The inflammatory response of ECs is mediated by epithelial-derived CXCL10. (A) Calu-3 cells were infected with SARS-CoV-2 (MOI = 1) for 4 h and plated at the bottom of the transwell chamber before they were cocultured with vesseloids placed in the upper chamber for 3 days. (B) Relative VCAM-1 mRNA expression in vesseloids infected with SARS-CoV-2 alone or after coculture with Calu-3 cells infected with SARS-CoV-2. Analyze was performed 3 days post infection (MOI = 0.1). The values were normalized according to tubulin mRNA expression.

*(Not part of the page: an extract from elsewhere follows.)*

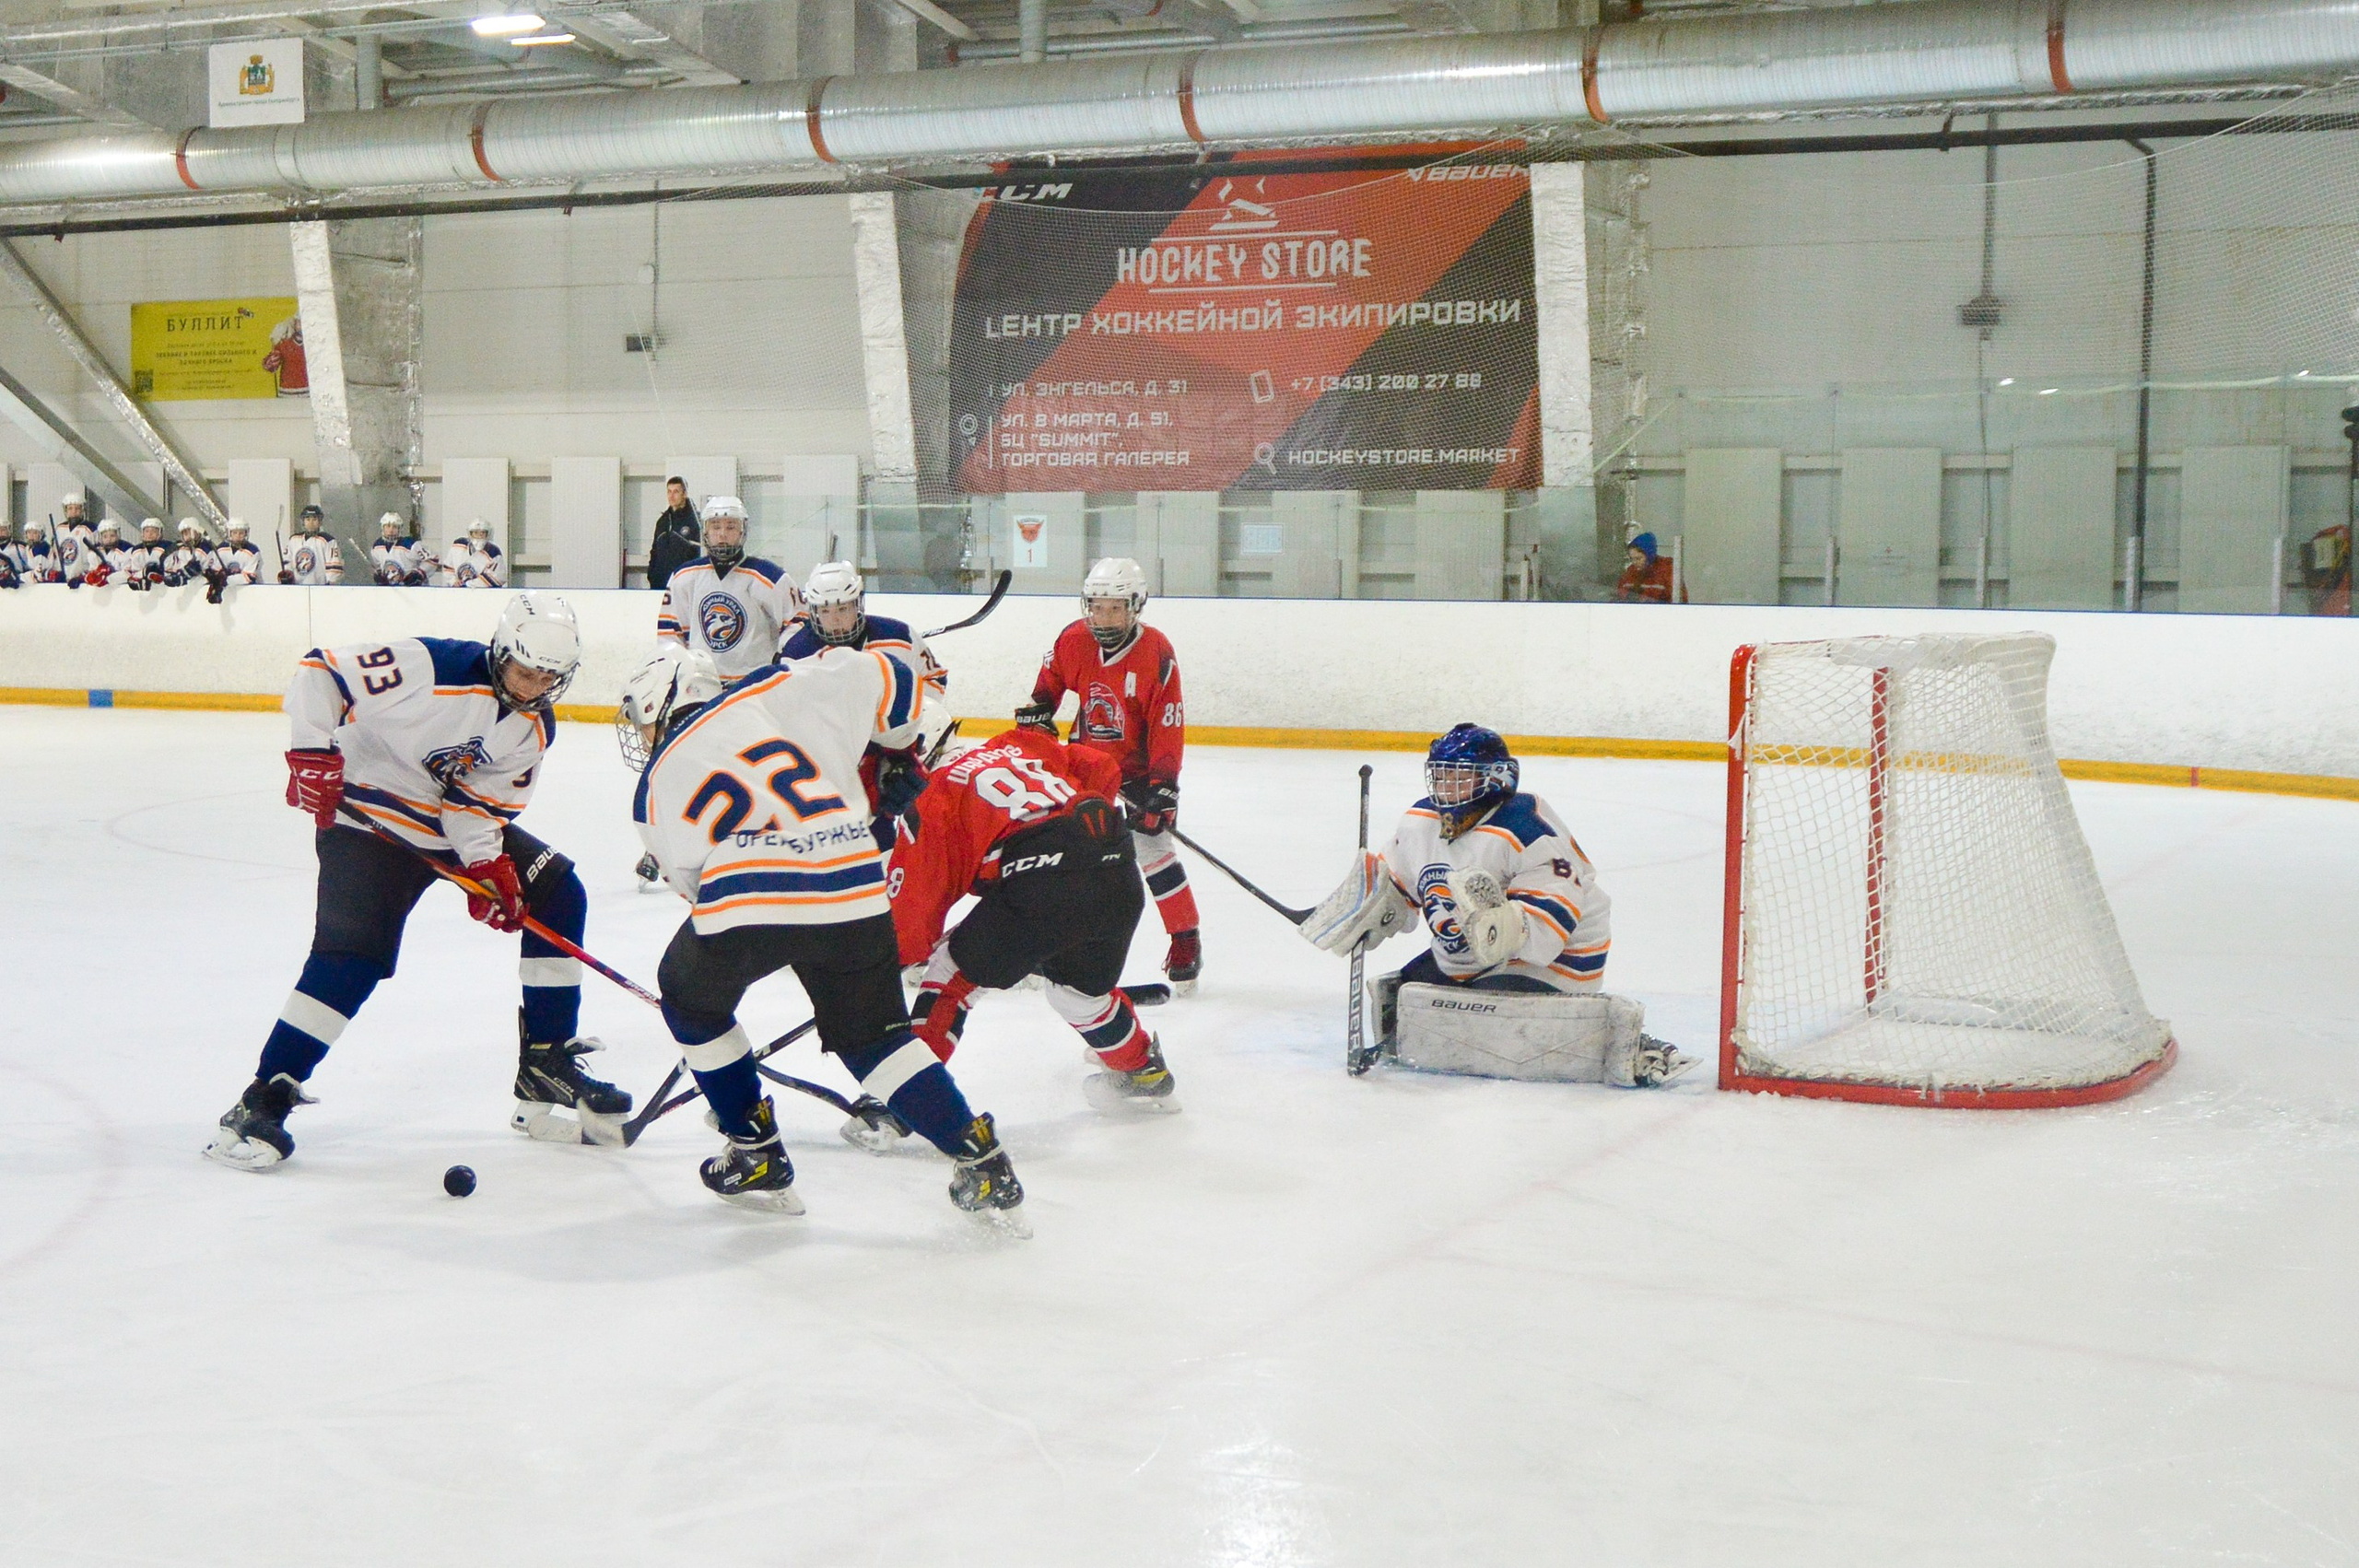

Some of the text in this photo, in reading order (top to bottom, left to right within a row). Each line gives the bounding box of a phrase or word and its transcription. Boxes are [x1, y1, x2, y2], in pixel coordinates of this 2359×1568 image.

The results are presented as the means ± SEMs (unpaired t test; *P < 0.05). (C) Heatmap of pixel density quantification from the cytokine array assay for selected chemokines and cytokines from vesseloids infected alone or after coculture with Calu-3 cells. SARS-CoV-2 was added to the culture supernatant, which was incubated for 4 h and analyzed 3 days post infection (MOI = 1). (D) Relative CXCL10 mRNA expression in SARS-CoV-2-infected vesseloids alone or after coculture with infected Calu-3 cells or infected Calu-3 cells alone. The data were analyzed 3 days post infection by SARS-CoV-2 (MOI = 0.1). The results are presented as the means ± SEMs (unpaired t test *P < 0.05). (E) CXCL10 concentration in the supernatant of infected vesseloids alone or after coculture with infected Calu-3 cells or infected Calu-3 cells alone. Analyze of the cells was performed 3 days post infection (MOI = 0.1). The results are presented as the means ± SEMs (one-way ANOVA, *P < 0.05).